As principais causas de amputação, bem como órgãos que mais são acometidos desse mal, além dos cuidados na fase de reabilitação são os temas enfocados nesse texto.
As causas mais comuns de amputação dos membros inferiores e superiores são de ordem vascular, por tumores e traumas decorrentes de acidentes em diversas situações. Segundo o médico gaúcho tramautologista Luiz Zanete Anicet, quando acontece esse evento, "o que se busca primeiro é tratar a causa que exige aquele procedimento cirúrgico para salvar a vida do paciente". No contexto, o mais importante é a pessoa e não o membro amputado, e nessa linha torna-se imprescindível uma abordagem global do paciente, de forma a assegurar o máximo de suas potencialidades físicas e psicológicas.

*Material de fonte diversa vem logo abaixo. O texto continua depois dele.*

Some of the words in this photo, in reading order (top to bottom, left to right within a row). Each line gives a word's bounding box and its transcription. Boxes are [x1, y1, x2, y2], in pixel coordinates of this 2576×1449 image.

De qualquer forma, deve fica claro que os procedimentos para amputação de membros inferiores ou superiores é um ato de restauração de um órgão enfermo e não uma mutilação. Nessa conjuntura, é fundamental um trabalho integrado dos diversos tipos de profissionais envolvidos na reabilitação do paciente para estimular e valorizar a capacidade residual da pessoa atingida e assim buscar uma recuperação total.

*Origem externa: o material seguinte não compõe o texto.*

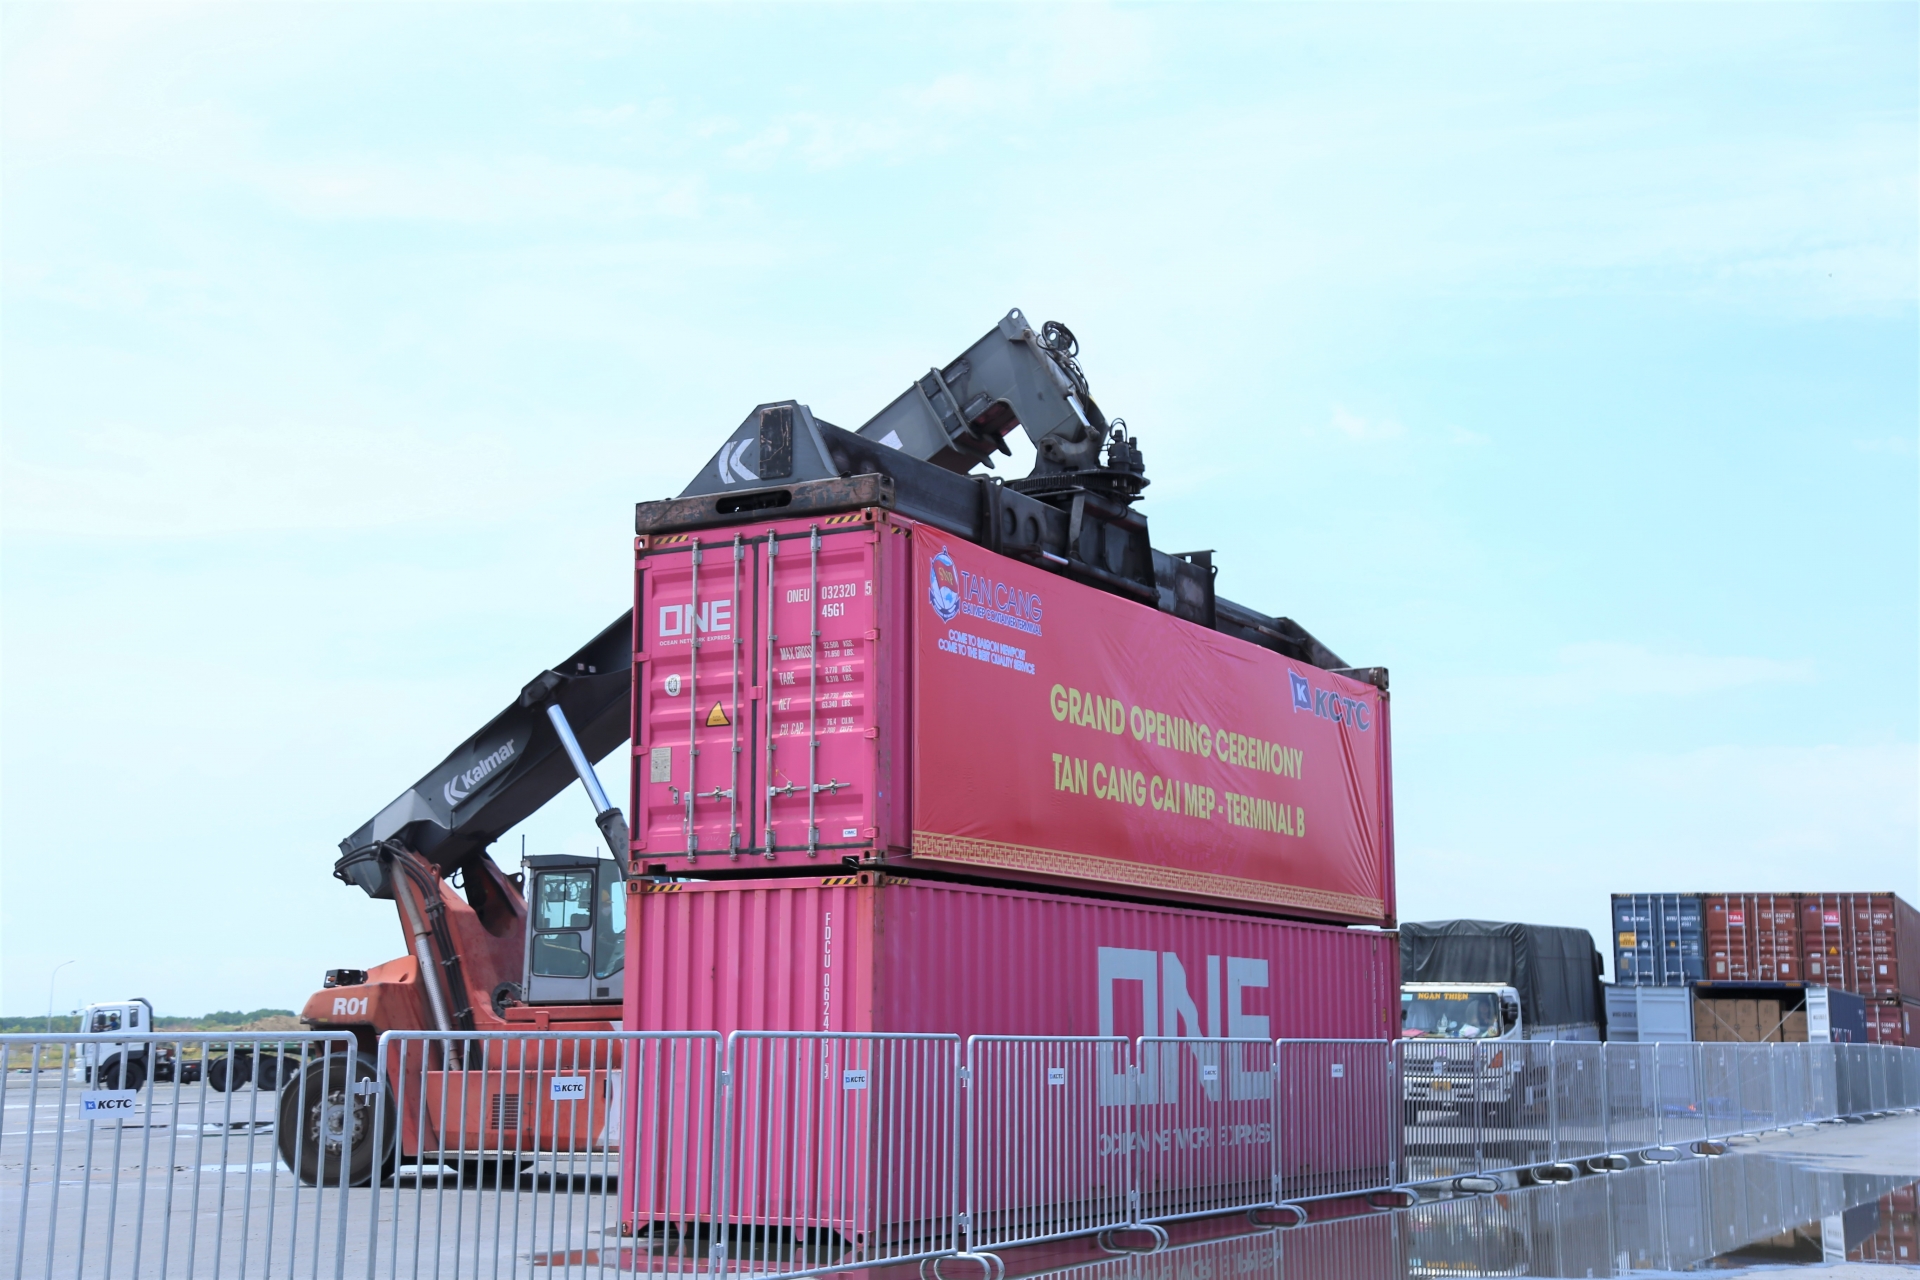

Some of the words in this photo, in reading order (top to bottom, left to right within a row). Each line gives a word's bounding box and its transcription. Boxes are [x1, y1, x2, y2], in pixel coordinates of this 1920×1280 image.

[787, 588, 810, 603] ONEU
[821, 583, 856, 600] 032320
[865, 581, 872, 595] 5
[961, 571, 992, 607] TAN
[995, 582, 1042, 622] CANG
[659, 599, 731, 637] ONE
[821, 602, 844, 618] 45G1
[962, 601, 973, 615] CAI
[974, 604, 986, 618] MEP
[986, 609, 1017, 628] CONTAINER
[1016, 618, 1042, 636] TERMINAL
[707, 634, 731, 642] EXPRESS
[948, 629, 967, 641] COME
[968, 634, 977, 646] TO
[977, 637, 999, 653] SAIGON
[1000, 643, 1026, 660] NEWPORT
[938, 638, 958, 653] COME
[958, 644, 967, 655] TO
[967, 646, 977, 660] THE
[978, 649, 990, 662] BEST
[991, 652, 1013, 669] QUALITY
[1014, 659, 1035, 675] SERVICE
[779, 672, 795, 685] TARE
[1314, 687, 1370, 732] KCTC
[1050, 683, 1125, 735] GRAND
[1130, 705, 1212, 758] OPENING
[1215, 729, 1303, 780] CEREMONY
[460, 738, 515, 790] Kalmar
[1052, 752, 1088, 796] TAN
[1092, 762, 1147, 807] CANG
[1150, 775, 1180, 814] CAI
[1184, 782, 1216, 820] MEP
[1225, 792, 1295, 836] TERMINAL
[1296, 806, 1306, 838] B
[332, 997, 368, 1015] R01
[1098, 946, 1271, 1106] ONE
[97, 1099, 132, 1109] KCTC
[561, 1084, 583, 1092] KCTC

No diagnóstico médico a amputação é considerada como um diagnóstico secundário, pois a enfermidade ou trauma recebe o rótulo de diagnóstico primário. E, posteriormente, se surgirem complicações, quanto mais cedo forem identificadas as causas, mais rápido poderá ser o controle e cura; o que possibilitará um melhor desempenho do paciente na fase da reabilitação.
Causas de Amputações
Entre as causas mais comuns de amputação de órgãos inferiores e superiores encontramos: vasculopatias periféricas, traumáticas, tumorais, infecciosas, congênitas e iatrogênicas. Destaca-se dentre elas, a vasculopatia periférica, que acomete em maior número pessoas na faixa etária de mais de 50 anos; sendo os membros inferiores (dedos, pés e pernas) os mais comprometidos. A causa mais comum nas amputações provocadas por eventos vasculares é a diabetes e o tabagismo. O Dr. Anicet salienta que a amputação de parte ou totalidade do membro se dá após o tratamento da doença original.
Já as causas traumáticas atingem também um número expressivo da população por acidentes de trânsito, de trabalho ou, em número menor, em razão de outra etiologia. Dentre os citados, os acidentes de trabalho tendem a culminar em amputações dos membros superiores (dedos, mão e braço).
Os tumores ósseos malignos como osteossarcoma também são responsáveis por amputação, especialmente de partes dos membros inferiores. Segundo o fisiatra Cezar Cavalcanti, nessa primeira fase o que deve ser tratado é o tumor para preservar a saúde do paciente e, posteriormente, através de uma equipe multidisciplinar dar todo o andamento necessário para que o paciente volte a ter uma vida normal nessa nova condição em que se encontra.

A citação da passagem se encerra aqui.